Alcohol Related Brain Damage (ARBD) is a term used to refer to a range of conditions including Wernicke’s encephalopathy, and Korsakoff’s syndrome (Schmidt et al 2005).  What these conditions have in common is that they are all induced by chronic alcohol consumption resulting in some degree of brain damage and neuropsychological dysfunction

 There are a number of characteristics commonly associated with ARBD:

  • Confusion about time and place
  • Impaired attention and concentration
  • Difficulty learning new information
  • Problems with short-term memory
  • Confabulation (the fabrication of memories as a way of masking memory impairment)
  • Frontal lobe dysfunction (e.g. problems with planning, organising and regulating behaviour)
  • Physical problems such as ataxia (a gait disorder resulting in poor balance)
  • Depression, anxiety and irritability

Alcohol can cause damage to the brain (ARBD) through a number of mechanisms, including

  • Direct toxic effect on the brain
  • Prevents absorption of thiamine (vitamin B12) – an important brain nutrient
  • Poor nutrition & dehydration
  • Liver disease (hepatic encephalopathy)
  • Falls and accidents
  • Changes to metabolism and blood supply to the brain

ARBD severity exists on a continuum from mild to severe and will differ greatly from person to person (as does the potential for recovery)

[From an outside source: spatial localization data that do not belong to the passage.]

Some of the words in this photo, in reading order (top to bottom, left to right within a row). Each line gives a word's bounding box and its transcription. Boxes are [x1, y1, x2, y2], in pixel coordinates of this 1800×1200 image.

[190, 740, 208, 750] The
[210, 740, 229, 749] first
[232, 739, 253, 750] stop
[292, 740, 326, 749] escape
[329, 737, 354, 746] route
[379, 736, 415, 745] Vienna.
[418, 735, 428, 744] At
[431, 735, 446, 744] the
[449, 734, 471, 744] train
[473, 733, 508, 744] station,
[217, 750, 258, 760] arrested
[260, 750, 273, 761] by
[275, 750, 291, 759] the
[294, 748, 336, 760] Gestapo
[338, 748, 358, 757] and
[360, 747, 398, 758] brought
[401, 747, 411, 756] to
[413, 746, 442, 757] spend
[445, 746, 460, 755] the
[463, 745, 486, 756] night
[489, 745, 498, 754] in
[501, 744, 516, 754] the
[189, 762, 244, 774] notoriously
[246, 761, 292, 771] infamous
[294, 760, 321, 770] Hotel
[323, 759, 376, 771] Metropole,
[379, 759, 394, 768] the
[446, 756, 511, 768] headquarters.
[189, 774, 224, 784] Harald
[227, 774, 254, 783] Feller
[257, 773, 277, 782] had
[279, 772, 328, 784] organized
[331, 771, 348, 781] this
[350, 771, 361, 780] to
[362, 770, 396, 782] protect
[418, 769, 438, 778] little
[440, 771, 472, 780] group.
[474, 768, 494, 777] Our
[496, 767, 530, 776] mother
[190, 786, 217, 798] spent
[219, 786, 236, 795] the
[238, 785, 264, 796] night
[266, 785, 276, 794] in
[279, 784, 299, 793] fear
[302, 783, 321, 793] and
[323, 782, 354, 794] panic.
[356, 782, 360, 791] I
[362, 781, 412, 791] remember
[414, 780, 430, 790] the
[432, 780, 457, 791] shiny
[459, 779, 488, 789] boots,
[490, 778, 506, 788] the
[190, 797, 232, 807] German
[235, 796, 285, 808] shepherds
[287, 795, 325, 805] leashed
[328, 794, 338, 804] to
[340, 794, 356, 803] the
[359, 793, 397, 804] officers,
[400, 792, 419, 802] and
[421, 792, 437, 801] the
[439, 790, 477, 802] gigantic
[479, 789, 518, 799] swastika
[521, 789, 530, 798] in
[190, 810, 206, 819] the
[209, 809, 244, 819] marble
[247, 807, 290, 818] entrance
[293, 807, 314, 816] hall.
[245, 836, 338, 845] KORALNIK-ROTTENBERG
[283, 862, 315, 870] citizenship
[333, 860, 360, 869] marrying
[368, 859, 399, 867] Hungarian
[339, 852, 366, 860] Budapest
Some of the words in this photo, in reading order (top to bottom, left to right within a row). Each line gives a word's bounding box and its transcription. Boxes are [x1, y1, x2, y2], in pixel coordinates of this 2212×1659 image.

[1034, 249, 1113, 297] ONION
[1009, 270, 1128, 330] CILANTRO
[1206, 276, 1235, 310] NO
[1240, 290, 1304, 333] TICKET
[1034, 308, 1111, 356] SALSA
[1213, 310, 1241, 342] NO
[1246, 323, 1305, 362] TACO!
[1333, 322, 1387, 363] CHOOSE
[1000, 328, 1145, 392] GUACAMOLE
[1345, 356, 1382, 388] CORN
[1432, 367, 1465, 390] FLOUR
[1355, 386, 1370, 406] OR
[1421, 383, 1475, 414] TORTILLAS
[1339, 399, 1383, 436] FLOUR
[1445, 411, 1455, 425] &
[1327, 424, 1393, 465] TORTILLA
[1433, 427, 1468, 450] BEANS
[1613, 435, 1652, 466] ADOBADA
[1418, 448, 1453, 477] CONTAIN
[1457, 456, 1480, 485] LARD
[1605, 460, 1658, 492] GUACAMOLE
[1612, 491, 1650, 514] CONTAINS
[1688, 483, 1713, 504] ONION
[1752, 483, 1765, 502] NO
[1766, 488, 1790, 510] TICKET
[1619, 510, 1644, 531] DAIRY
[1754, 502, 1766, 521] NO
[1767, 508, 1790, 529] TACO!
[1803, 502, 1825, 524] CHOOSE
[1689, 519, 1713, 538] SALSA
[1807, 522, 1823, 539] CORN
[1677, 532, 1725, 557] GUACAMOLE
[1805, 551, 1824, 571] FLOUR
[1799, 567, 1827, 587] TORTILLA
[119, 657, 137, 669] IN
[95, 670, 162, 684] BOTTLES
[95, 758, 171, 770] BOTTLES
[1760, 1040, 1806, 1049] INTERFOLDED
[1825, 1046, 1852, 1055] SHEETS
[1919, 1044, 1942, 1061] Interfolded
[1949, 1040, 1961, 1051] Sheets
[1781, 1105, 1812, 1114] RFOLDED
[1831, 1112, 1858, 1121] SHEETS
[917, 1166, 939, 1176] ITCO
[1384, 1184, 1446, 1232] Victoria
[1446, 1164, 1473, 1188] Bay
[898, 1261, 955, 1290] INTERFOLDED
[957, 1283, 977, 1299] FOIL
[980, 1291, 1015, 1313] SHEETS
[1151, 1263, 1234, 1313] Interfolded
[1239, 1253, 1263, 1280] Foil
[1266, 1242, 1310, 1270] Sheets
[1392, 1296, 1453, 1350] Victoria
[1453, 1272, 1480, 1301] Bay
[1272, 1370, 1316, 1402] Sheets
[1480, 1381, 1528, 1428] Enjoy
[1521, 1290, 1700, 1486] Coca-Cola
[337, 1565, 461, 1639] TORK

ARBD is not the same as having an intellectual disability or having a dementia, although there are some overlaps. It has been suggested that people affected by ARBD have needs more akin to adults of similar ages with acquired brain injury than to people with other dementias (e.g. Jacques & Anderson, 2002; Mental Welfare Commission, 2010).  The main reason for this is the recognition that other dementias are progressive in nature, whereas ARBD is not (assuming alcohol consumption stops).  In fact, a significant proportion of people with ARBD will make significant improvements with the right care and conditions, with the following predicted recovery rates:

  •  25% making a complete recovery
  • 25% making a significant recovery
  • 25% making a slight recovery
  • 25% making no recovery                      (Smith & Hillman, 1999)

This suggests that over half of those with ARBD will make a significant recovery.  However, this recovery will only take place if the person with ARBD sustains abstinence from alcohol and is given access to specialist rehabilitation interventions and neuropsychological assessment.